**What is being asked:** Your answer should be the records below, written out exactly.

**Source information:**
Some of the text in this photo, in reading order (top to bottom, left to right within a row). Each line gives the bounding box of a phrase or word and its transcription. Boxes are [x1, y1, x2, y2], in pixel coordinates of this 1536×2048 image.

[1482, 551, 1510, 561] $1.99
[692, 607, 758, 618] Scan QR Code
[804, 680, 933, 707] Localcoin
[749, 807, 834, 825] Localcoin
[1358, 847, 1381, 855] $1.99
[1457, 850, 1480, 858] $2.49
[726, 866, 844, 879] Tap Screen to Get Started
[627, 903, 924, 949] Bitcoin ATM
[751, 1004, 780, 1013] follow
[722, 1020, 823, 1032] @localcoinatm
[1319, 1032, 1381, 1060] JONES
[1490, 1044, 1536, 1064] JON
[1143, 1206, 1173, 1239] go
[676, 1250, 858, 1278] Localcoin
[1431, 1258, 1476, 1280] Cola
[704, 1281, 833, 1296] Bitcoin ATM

**The answer:**
Some of the text in this photo, in reading order (top to bottom, left to right within a row). Each line gives the bounding box of a phrase or word and its transcription. Boxes are [x1, y1, x2, y2], in pixel coordinates of this 1536×2048 image.

[1482, 551, 1510, 561] $1.99
[692, 607, 758, 618] Scan QR Code
[804, 680, 933, 707] Localcoin
[749, 807, 834, 825] Localcoin
[1358, 847, 1381, 855] $1.99
[1457, 850, 1480, 858] $2.49
[726, 866, 844, 879] Tap Screen to Get Started
[627, 903, 924, 949] Bitcoin ATM
[751, 1004, 780, 1013] follow
[722, 1020, 823, 1032] @localcoinatm
[1319, 1032, 1381, 1060] JONES
[1490, 1044, 1536, 1064] JON
[1143, 1206, 1173, 1239] go
[676, 1250, 858, 1278] Localcoin
[1431, 1258, 1476, 1280] Cola
[704, 1281, 833, 1296] Bitcoin ATM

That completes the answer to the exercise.